ASSIGNED TASK ▸ Your copy starts at the line containing "this 1600×1200 image." and ends at the last line of the material below. Reproduce those lines exactly, with no pictures.

LISTED RECORDS ▸
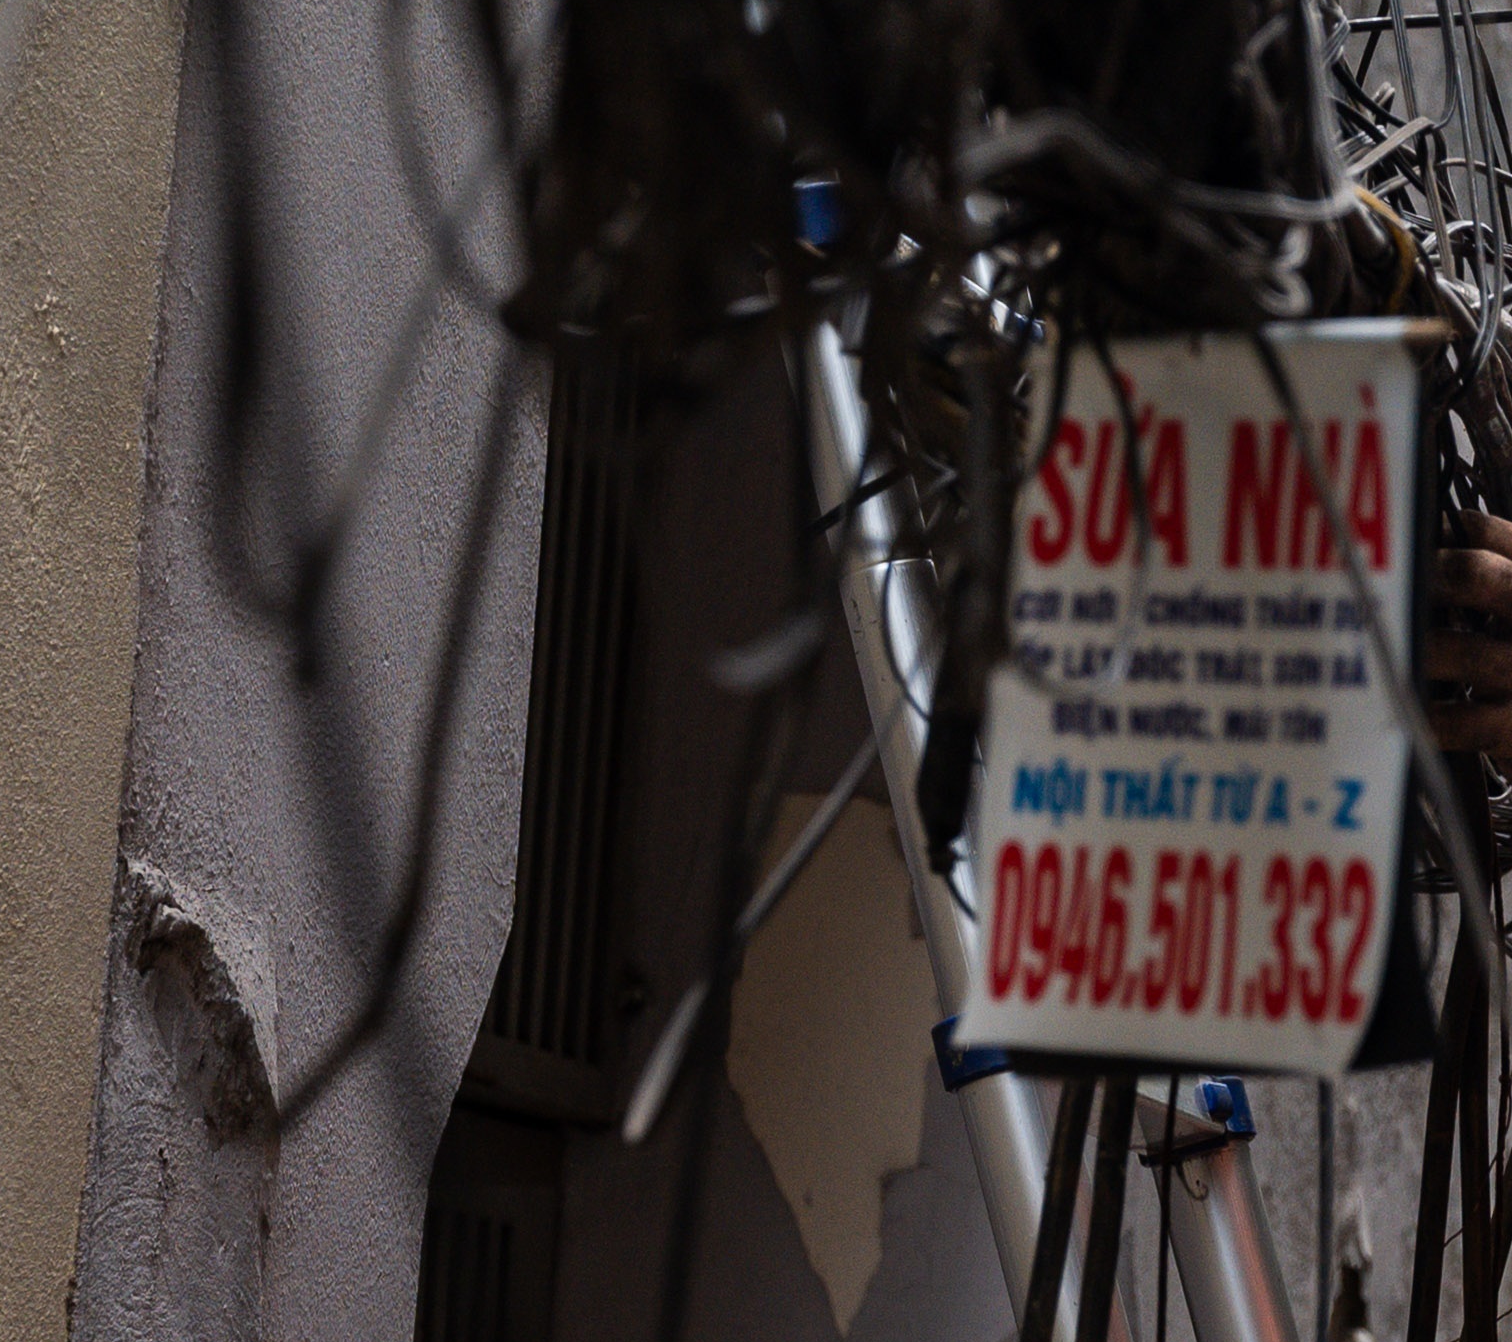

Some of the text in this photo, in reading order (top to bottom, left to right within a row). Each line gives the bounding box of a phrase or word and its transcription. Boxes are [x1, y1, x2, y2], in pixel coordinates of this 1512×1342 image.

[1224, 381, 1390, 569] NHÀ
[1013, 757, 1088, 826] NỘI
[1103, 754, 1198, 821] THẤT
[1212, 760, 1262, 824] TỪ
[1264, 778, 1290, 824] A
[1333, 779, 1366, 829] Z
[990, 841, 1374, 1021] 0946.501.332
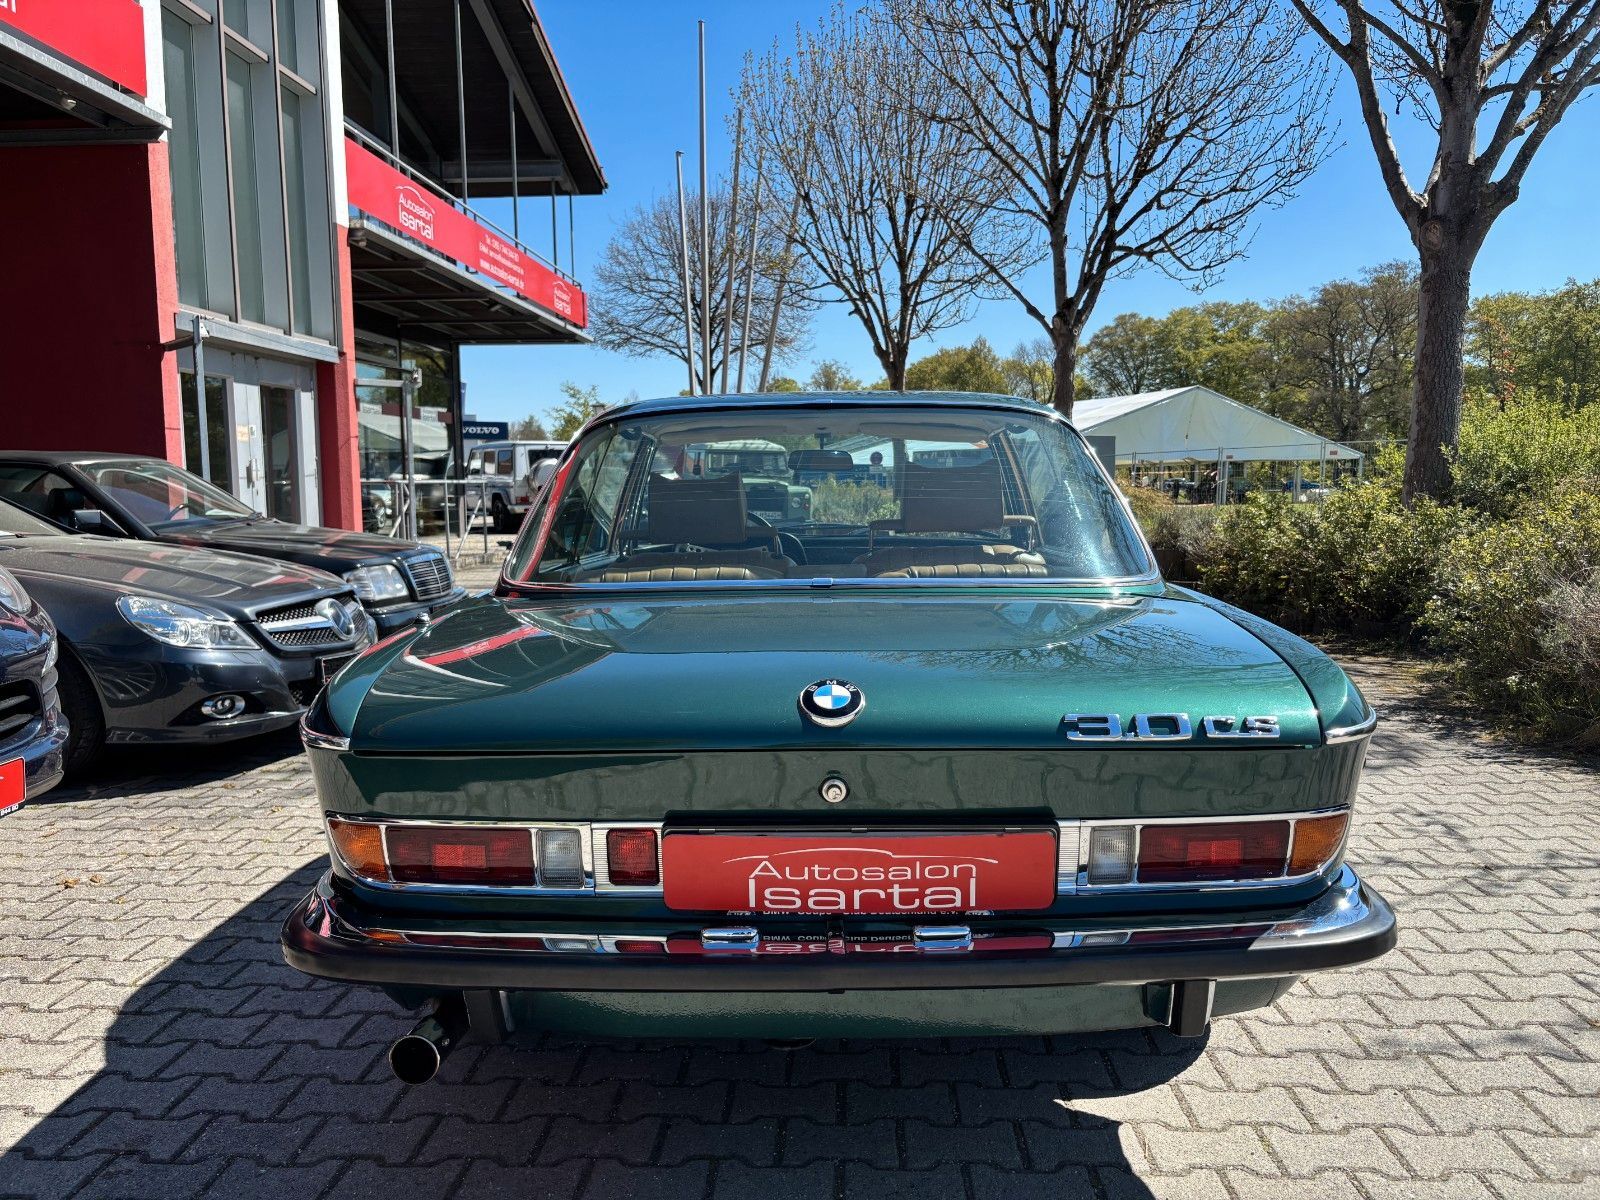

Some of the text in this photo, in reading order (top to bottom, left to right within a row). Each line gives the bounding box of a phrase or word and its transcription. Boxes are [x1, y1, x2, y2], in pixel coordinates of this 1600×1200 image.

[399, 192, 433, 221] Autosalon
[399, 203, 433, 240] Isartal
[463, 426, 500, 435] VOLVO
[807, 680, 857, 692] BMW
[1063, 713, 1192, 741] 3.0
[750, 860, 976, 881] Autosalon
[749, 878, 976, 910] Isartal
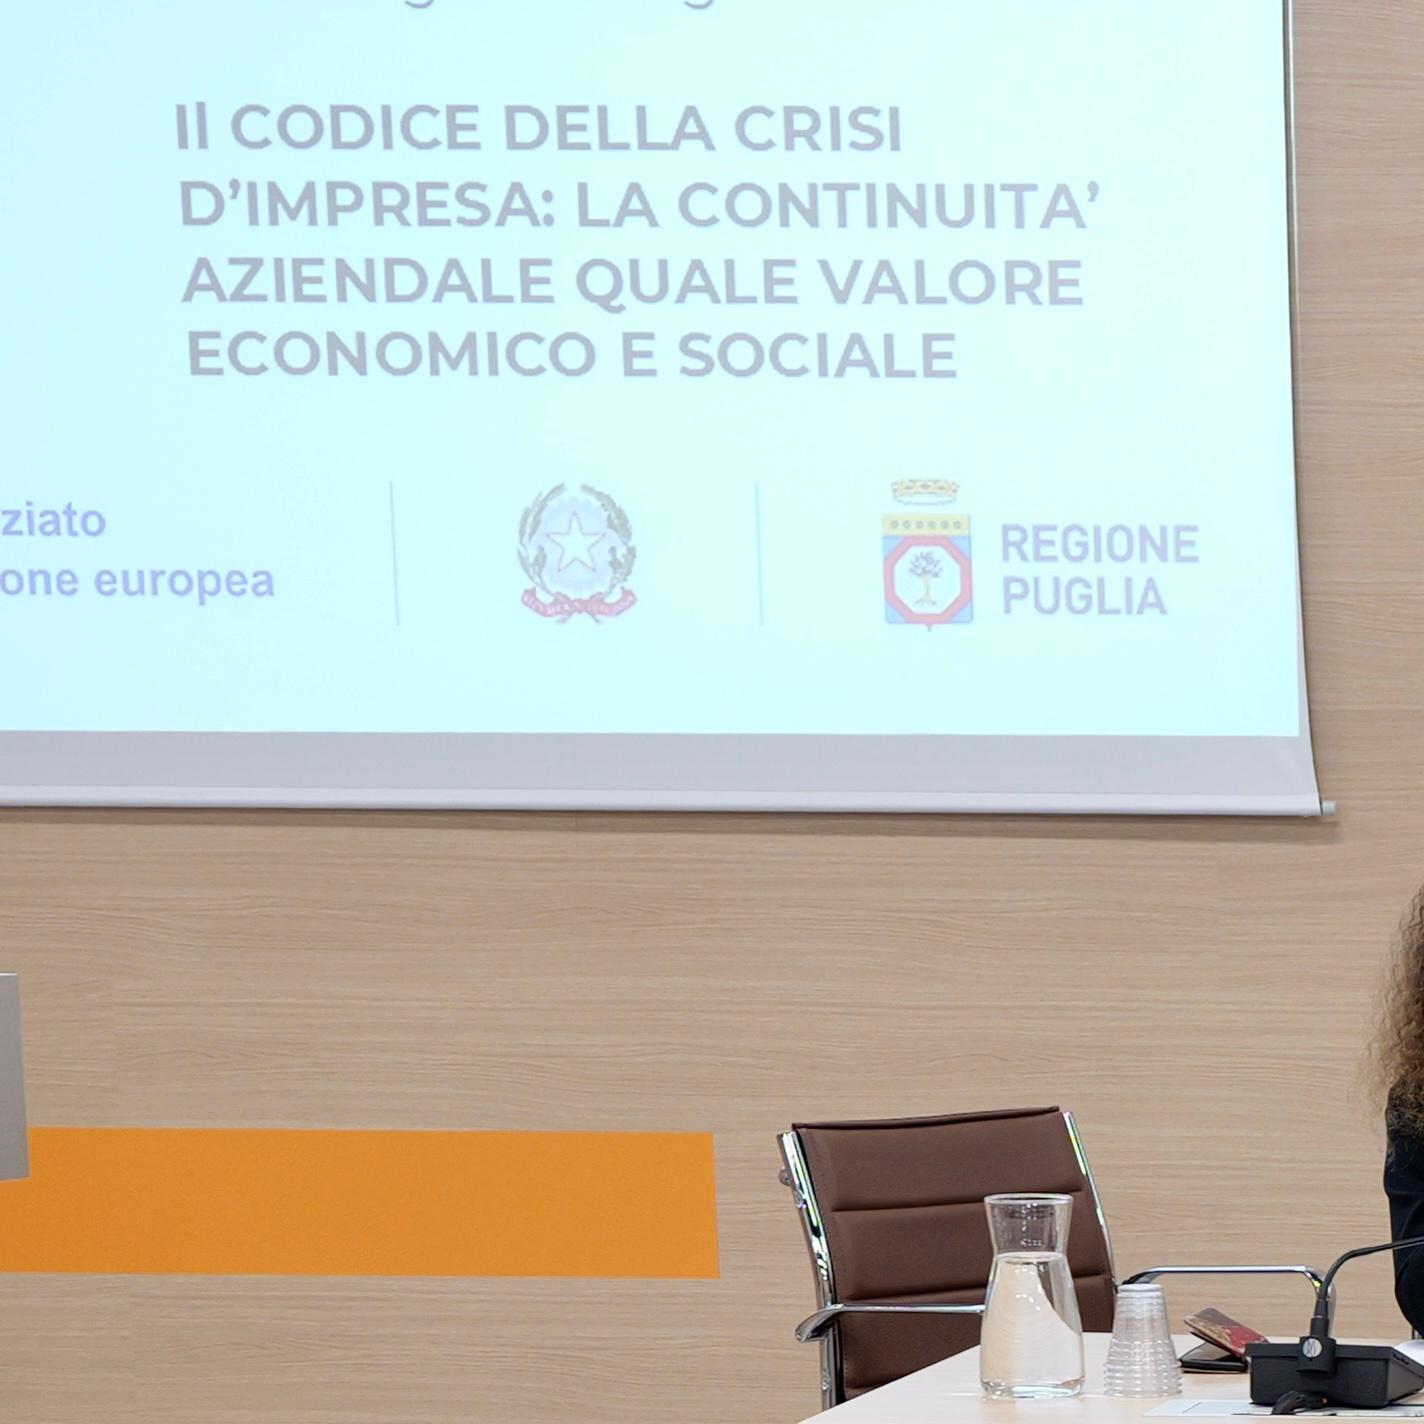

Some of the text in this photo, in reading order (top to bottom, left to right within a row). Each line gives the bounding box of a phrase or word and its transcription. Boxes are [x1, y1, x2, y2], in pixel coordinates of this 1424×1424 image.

SOLUTION TO THIS PROBLEM ▸
Some of the text in this photo, in reading order (top to bottom, left to right within a row). Each line gives the bounding box of a phrase or word and its transcription. Boxes are [x1, y1, x2, y2], in pixel coordinates of this 1600×1200 image.

[399, 192, 433, 221] Autosalon
[399, 203, 433, 240] Isartal
[463, 426, 500, 435] VOLVO
[807, 680, 857, 692] BMW
[1063, 713, 1192, 741] 3.0
[750, 860, 976, 881] Autosalon
[749, 878, 976, 910] Isartal

Some of the text in this photo, in reading order (top to bottom, left to right within a row). Each line gives the bounding box of a phrase or word and its transcription. Boxes are [x1, y1, x2, y2], in pixel coordinates of this 1424×1424 image.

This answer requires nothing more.